QUERIDA VERA: Nos conocimos sin yo saberlo. Fue uno de esos días de lluvia de los ochenta que uno recuerda chapoteando de charco en charco, corriendo para llegar al cine, cuando había decenas de cines en el centro de Valencia. Programaban Laura, de Otto Preminger, en blanco y negro. “El día que asesinaron a Laura…”. Así empezaba. Y luego el policía que investiga su muerte se enamora de ella, de alguien a quien ya no puede alcanzar. Dana Andrews interpretaba al policía y Gene Tierney a la fallecida. ¿Cómo encontrar un final feliz para esa historia? Sólo tú podías conseguirlo, Vera. Y, sin embargo, yo aquel día, obnubilado por los destellos del Hollywood más épico, ni siquiera me percaté de tu presencia.

Pasaron los años. Me hice profesor de literatura y luego escritor. Publiqué dos trilogías sobre la antigua Roma y luego me animé a escribir libros sobre las vidas secretas de escritores malditos, de escritoras olvidadas a quienes quería rescatar de ese injusto olvido. Allí nos reencontramos: en el séptimo círculo del infierno.

Años antes de conocernos, Vera, el comité de actividades antiamericanas te sometió a durísimos interrogatorios: habías sido simpatizante del comunismo en una época en la que aquello era delito. Se te exigió que delataras a otras personas que, como tú, se habían interesado por esa ideología pero te negaste. Te sentías segura, fuerte. Eras una escritora de éxito y, además, una guionista muy buscada por Hollywood. Pero el comité de actividades antiamericanas, ante tu falta de colaboración, terminó con tu carrera tanto en el cine como en la literatura.

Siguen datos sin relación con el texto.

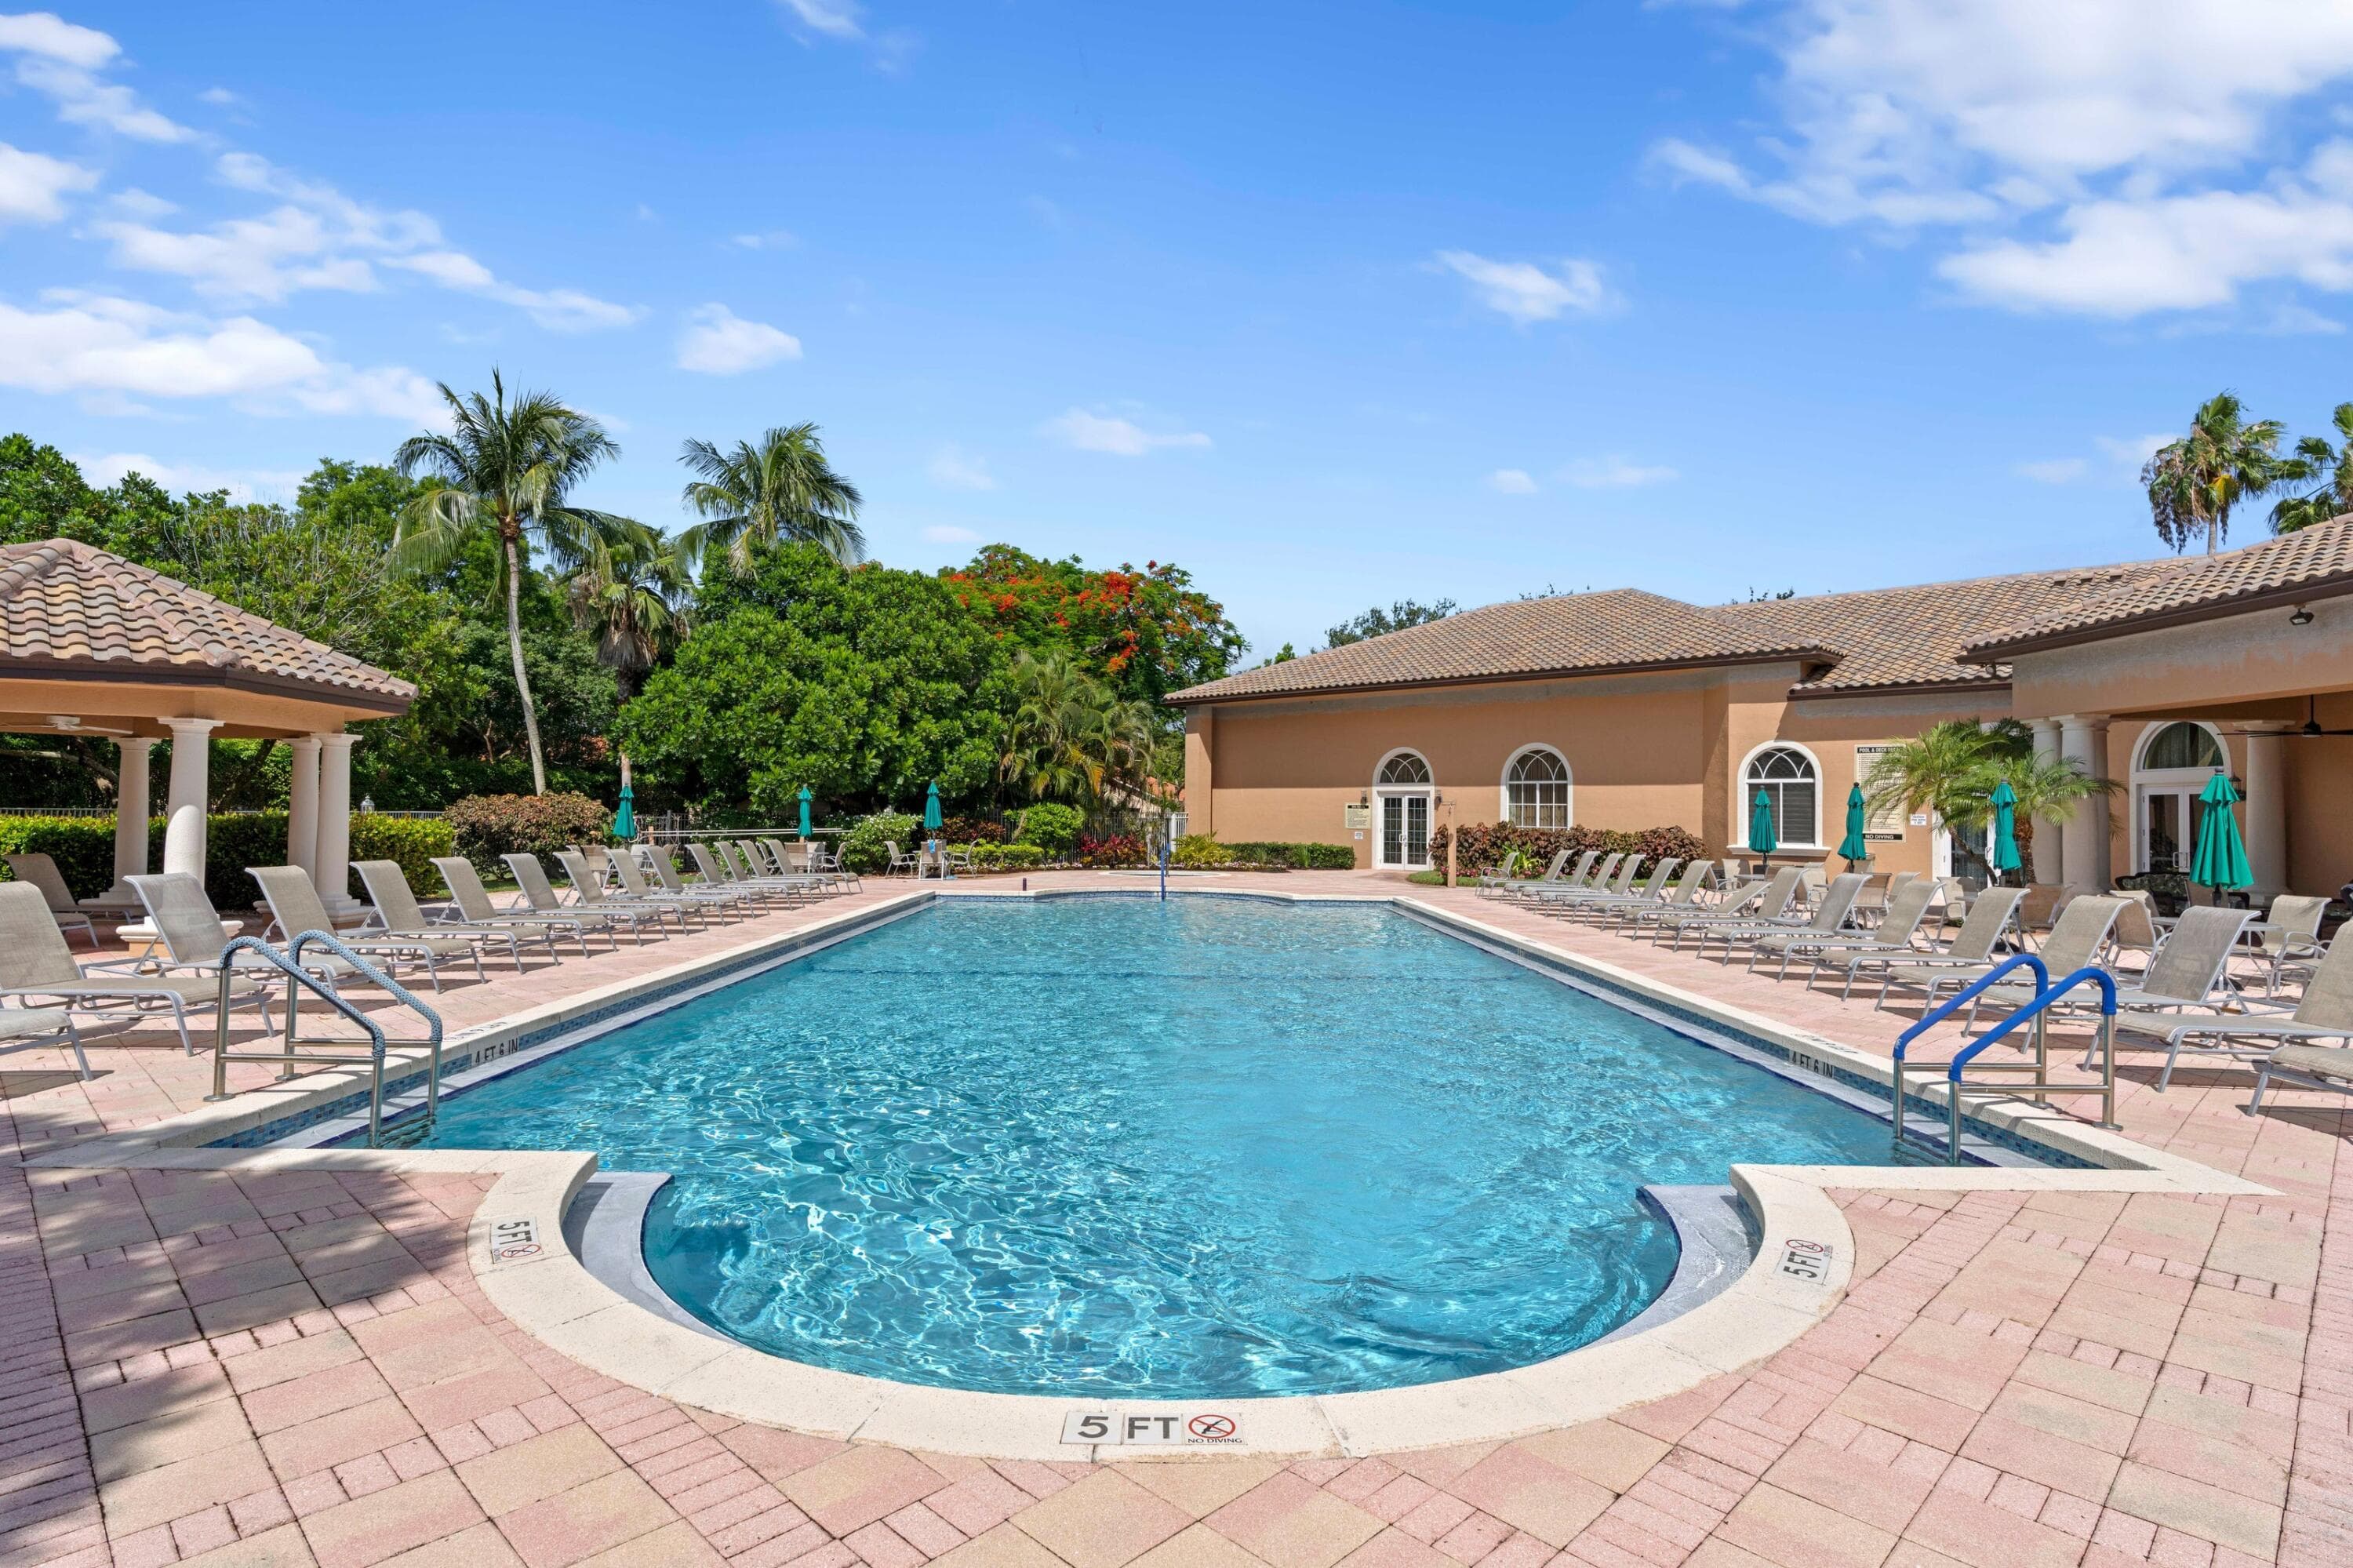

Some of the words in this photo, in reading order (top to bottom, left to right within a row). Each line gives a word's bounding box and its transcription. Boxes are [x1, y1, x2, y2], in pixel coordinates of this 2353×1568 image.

[475, 1050, 480, 1063] 4
[485, 1046, 496, 1061] FT
[499, 1042, 504, 1056] 6
[508, 1038, 518, 1054] IN
[1791, 1051, 1796, 1063] 4
[1800, 1053, 1811, 1068] FT
[1813, 1059, 1819, 1073] 6
[1823, 1061, 1833, 1078] IN
[497, 1221, 530, 1231] 5
[498, 1230, 533, 1245] FT
[1787, 1251, 1822, 1268] FT
[1783, 1266, 1818, 1279] 5
[1078, 1415, 1109, 1439] 5
[1127, 1417, 1179, 1439] FT

"Me hice profesor de literatura y luego escritor. Publiqué dos trilogías sobre la antigua Roma y luego me animé a escribir libros sobre las vidas secretas de escritores malditos"

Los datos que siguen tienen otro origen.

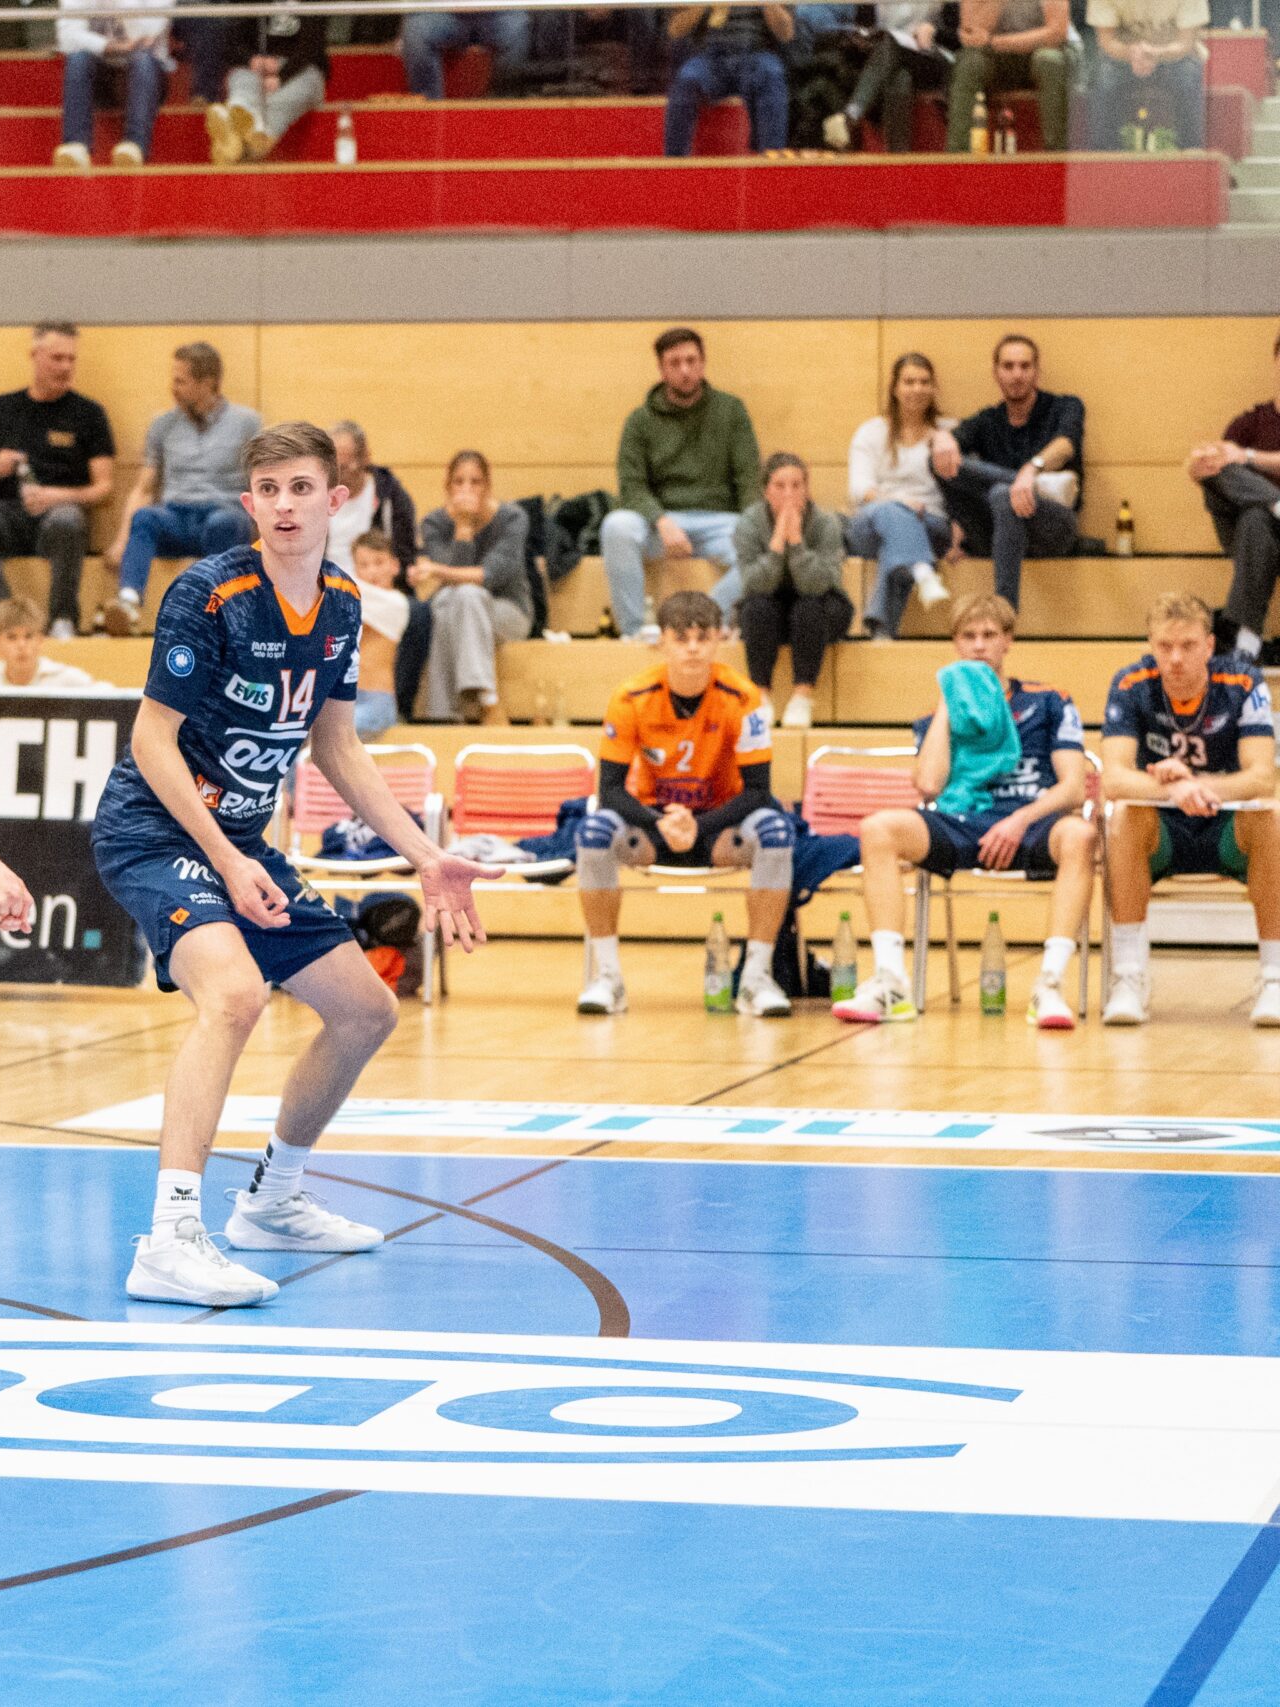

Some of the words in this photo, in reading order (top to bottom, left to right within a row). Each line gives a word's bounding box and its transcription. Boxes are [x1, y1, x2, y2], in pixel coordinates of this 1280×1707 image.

[232, 681, 271, 706] EVIS
[279, 668, 317, 722] 14
[676, 740, 695, 772] 2
[1171, 732, 1208, 767] 23

Pasó mucho tiempo hasta que los escritores argentinos Bioy Casares y Borges te rescataron: ellos crearon la colección El Séptimo Círculo, la mejor recopilación de novela negra de todos los tiempos, a la que denominaron así porque Dante, en la Divina comedia, situó en el séptimo círculo del infierno a los asesinos. En esa colección seleccionaron una obra de Hammett, otra de Chandler, otra de Agatha Christie…, pero de ti, Vera, antologizaron seis novelas. Para Casares y Borges eras la mejor en el género. Cuando busqué como profesor y escritor historias extrañas, repletas de olvido y misterio, me reencontré contigo. Y fue un reencuentro hermoso. Ahí me di cuenta de que esa película tan fascinante, Laura, dirigida por Otto Preminger, estaba basada en una novela tuya. Pero quise revisarlo. Te busqué en centros comerciales y tiendas especializadas, a la caza y captura de un DVD de aquella película. Lo encontré. Lo llevé a casa como si fuera Gollum con su precioso anillo, su tesoro. Lo puse en el reproductor y encendí la pantalla. Apareció de nuevo el cadáver de Laura y en los primeros títulos de crédito, en un flash casi imperceptible: “Basada en una novela de Vera Caspary”. Aquel día de lluvia de los ochenta en aquel cine perdido, no me di cuenta de que te me habías presentado. Ahora he intentado recuperarte, rescatarte del nuevo olvido de la era digital donde todo es en color y fugaz.